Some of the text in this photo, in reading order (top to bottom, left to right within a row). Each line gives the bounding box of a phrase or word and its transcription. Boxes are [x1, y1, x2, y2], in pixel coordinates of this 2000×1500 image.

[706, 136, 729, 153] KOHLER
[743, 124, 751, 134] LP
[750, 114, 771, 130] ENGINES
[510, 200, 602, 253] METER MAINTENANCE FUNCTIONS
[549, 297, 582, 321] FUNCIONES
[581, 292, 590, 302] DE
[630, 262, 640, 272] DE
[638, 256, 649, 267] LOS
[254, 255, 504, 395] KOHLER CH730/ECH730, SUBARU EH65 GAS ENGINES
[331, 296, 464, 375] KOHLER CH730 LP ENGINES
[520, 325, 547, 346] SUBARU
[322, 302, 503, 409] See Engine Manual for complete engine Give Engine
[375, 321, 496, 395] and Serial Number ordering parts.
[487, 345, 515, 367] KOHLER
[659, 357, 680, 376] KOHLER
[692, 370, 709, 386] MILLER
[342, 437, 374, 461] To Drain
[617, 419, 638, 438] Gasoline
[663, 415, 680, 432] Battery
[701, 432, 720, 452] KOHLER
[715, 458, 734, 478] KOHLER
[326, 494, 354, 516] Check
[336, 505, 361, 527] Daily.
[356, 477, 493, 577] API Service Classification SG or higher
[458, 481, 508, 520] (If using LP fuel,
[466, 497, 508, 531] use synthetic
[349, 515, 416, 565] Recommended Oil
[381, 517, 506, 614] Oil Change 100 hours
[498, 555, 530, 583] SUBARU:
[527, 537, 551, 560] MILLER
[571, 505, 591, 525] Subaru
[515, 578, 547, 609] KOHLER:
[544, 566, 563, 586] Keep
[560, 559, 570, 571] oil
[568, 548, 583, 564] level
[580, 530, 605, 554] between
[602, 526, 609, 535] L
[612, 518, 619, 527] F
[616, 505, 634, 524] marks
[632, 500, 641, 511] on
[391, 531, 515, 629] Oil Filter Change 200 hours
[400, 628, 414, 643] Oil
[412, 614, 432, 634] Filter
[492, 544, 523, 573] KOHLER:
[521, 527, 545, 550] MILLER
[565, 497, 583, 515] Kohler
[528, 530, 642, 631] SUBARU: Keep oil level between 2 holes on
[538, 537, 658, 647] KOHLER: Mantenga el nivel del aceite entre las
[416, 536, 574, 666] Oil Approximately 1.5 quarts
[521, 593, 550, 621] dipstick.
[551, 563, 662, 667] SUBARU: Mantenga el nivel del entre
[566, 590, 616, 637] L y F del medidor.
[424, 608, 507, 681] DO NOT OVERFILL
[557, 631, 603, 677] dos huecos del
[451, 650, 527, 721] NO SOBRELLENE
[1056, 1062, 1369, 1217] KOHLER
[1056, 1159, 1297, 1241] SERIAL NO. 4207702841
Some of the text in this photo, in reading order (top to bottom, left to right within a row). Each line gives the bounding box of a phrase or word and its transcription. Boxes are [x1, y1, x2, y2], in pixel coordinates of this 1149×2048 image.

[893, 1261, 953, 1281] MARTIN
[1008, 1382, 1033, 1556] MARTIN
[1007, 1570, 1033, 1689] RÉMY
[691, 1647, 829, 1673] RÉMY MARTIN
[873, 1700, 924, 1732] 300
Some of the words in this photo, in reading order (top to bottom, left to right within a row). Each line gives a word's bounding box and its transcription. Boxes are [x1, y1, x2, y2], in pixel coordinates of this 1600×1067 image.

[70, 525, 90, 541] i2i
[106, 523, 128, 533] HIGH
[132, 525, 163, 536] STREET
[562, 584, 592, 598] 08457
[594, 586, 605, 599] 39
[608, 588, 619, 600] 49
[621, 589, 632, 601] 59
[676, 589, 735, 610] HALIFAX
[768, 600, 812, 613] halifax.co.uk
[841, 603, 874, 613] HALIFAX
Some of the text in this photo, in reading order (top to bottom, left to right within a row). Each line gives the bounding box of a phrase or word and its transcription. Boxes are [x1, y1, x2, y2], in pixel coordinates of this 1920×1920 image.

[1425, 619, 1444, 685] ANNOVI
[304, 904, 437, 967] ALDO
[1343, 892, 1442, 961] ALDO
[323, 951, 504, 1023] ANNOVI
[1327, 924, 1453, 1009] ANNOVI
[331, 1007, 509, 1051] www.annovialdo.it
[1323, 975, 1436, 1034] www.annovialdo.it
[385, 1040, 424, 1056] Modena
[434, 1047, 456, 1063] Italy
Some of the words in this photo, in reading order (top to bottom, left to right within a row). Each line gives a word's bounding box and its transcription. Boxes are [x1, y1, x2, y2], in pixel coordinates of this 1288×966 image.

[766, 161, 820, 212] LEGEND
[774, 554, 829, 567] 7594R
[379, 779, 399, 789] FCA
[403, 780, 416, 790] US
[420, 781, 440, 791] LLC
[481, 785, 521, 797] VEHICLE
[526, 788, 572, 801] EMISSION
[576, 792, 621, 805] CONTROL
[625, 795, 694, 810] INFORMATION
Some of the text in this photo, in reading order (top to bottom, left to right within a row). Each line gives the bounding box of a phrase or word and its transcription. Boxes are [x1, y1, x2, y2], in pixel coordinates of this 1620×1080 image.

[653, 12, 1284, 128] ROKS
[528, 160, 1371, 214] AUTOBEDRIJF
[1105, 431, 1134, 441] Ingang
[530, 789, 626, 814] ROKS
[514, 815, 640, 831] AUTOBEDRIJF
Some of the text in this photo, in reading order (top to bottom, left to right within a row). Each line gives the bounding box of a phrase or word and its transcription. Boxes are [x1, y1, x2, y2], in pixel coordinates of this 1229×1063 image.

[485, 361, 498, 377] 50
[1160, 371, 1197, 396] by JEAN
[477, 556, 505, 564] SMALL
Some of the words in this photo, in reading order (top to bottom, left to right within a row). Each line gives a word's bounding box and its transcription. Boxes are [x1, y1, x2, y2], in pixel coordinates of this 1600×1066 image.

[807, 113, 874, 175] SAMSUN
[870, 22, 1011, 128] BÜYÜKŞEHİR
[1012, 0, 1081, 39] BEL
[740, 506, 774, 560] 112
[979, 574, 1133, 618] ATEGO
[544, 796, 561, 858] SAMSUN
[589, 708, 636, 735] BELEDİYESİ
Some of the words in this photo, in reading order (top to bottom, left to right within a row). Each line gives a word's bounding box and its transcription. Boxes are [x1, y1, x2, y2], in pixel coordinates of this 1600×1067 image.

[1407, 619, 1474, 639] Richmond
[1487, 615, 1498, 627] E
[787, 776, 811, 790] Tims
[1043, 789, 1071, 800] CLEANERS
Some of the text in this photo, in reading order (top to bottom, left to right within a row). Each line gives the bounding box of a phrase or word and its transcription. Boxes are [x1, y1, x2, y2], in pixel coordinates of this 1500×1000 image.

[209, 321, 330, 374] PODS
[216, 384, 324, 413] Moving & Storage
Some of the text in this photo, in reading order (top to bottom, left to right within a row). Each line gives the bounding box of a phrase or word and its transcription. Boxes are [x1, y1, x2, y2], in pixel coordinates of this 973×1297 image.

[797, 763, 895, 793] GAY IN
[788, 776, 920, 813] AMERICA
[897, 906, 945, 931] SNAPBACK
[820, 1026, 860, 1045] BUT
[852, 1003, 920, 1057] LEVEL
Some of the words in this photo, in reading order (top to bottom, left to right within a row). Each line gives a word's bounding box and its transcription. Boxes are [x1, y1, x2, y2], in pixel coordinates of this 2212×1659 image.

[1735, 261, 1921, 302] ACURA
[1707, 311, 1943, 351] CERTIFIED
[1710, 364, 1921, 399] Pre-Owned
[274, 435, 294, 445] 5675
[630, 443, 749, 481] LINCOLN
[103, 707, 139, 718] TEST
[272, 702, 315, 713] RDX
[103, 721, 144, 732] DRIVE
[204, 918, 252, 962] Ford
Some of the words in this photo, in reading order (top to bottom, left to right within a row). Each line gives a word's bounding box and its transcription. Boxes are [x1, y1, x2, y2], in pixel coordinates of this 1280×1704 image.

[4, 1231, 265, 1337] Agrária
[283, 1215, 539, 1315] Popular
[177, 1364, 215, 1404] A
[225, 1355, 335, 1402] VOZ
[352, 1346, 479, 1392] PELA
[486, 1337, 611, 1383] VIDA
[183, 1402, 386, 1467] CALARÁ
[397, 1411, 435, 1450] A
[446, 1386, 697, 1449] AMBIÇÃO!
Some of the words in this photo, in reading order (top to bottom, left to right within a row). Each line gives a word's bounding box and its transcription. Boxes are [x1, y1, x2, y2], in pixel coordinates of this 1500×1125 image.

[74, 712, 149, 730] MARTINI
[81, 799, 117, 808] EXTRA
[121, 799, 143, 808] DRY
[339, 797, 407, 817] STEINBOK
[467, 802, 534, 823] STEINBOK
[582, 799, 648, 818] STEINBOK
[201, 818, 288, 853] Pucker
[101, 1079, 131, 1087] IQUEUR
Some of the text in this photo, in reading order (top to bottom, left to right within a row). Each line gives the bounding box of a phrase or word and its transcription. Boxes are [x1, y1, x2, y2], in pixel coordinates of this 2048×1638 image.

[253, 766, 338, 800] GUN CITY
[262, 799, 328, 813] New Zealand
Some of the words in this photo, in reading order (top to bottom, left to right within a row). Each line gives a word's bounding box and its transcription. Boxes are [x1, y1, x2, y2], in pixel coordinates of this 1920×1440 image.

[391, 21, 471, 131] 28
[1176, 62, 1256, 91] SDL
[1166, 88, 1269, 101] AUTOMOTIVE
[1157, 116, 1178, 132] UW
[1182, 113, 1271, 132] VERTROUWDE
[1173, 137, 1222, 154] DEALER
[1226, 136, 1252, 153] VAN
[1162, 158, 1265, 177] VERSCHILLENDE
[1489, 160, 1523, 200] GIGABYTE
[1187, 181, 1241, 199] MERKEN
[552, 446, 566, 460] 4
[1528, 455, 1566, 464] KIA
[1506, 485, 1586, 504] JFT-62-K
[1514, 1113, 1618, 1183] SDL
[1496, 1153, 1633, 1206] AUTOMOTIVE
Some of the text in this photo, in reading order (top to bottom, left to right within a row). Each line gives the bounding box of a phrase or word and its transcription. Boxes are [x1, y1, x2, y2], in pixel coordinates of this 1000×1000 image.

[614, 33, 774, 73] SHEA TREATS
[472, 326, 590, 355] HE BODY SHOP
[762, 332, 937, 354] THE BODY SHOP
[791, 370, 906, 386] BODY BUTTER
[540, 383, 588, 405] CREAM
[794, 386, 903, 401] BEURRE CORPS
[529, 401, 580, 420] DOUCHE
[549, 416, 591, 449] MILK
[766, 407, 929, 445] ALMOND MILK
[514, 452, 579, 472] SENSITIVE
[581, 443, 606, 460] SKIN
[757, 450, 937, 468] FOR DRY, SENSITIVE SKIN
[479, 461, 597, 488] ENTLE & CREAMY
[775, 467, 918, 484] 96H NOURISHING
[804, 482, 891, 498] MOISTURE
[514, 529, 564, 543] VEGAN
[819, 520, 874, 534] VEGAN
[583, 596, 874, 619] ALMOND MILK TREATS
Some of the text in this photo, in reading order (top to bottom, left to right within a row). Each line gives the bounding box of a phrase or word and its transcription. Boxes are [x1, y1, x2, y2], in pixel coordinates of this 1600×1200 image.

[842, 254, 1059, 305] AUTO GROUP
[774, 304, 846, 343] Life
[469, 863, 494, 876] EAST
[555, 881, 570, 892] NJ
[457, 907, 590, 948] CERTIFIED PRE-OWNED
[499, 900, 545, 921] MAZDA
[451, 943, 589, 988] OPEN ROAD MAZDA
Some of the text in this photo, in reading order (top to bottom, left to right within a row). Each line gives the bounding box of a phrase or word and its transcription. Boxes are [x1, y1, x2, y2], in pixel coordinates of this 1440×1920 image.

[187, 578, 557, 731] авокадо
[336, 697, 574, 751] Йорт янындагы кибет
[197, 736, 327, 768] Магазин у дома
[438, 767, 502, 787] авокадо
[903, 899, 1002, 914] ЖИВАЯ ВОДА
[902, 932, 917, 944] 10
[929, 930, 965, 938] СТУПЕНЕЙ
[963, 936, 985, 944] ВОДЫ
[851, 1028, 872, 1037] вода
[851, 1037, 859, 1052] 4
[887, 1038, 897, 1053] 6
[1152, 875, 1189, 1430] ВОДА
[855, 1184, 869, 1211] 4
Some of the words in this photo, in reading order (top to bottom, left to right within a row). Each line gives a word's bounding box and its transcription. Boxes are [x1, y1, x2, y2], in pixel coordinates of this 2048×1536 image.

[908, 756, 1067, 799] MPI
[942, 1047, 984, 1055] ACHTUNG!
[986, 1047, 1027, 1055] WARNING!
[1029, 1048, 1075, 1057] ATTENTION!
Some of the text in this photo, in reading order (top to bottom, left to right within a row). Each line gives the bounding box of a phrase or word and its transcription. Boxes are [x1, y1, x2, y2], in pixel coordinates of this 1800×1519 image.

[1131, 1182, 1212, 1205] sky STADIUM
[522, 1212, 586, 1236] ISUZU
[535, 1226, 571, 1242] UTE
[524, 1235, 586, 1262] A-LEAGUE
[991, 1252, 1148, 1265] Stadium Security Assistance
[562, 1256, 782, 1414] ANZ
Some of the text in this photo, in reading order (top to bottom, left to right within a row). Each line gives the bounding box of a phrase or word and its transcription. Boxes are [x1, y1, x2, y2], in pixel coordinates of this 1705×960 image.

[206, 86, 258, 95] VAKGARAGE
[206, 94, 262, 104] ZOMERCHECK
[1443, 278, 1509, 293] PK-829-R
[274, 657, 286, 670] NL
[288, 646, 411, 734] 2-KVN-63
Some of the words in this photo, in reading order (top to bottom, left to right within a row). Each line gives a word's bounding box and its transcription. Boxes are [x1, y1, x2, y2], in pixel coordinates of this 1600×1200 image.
○ ○ ○ ○ ○ ○ ○
Assignment
Take the line with "this 1800×1519 image." and all lines after it through the end of the records, and write them out exactly; include nothing else.

Result
Some of the text in this photo, in reading order (top to bottom, left to right within a row). Each line gives the bounding box of a phrase or word and its transcription. Boxes are [x1, y1, x2, y2], in pixel coordinates of this 1800×1519 image.

[1131, 1182, 1212, 1205] sky STADIUM
[522, 1212, 586, 1236] ISUZU
[535, 1226, 571, 1242] UTE
[524, 1235, 586, 1262] A-LEAGUE
[991, 1252, 1148, 1265] Stadium Security Assistance
[562, 1256, 782, 1414] ANZ
Some of the text in this photo, in reading order (top to bottom, left to right within a row). Each line gives the bounding box of a phrase or word and its transcription. Boxes are [x1, y1, x2, y2], in pixel coordinates of this 1705×960 image.

[206, 86, 258, 95] VAKGARAGE
[206, 94, 262, 104] ZOMERCHECK
[1443, 278, 1509, 293] PK-829-R
[274, 657, 286, 670] NL
[288, 646, 411, 734] 2-KVN-63
Some of the words in this photo, in reading order (top to bottom, left to right within a row). Each line gives a word's bounding box and its transcription. Boxes are [x1, y1, x2, y2], in pixel coordinates of this 1600×1200 image.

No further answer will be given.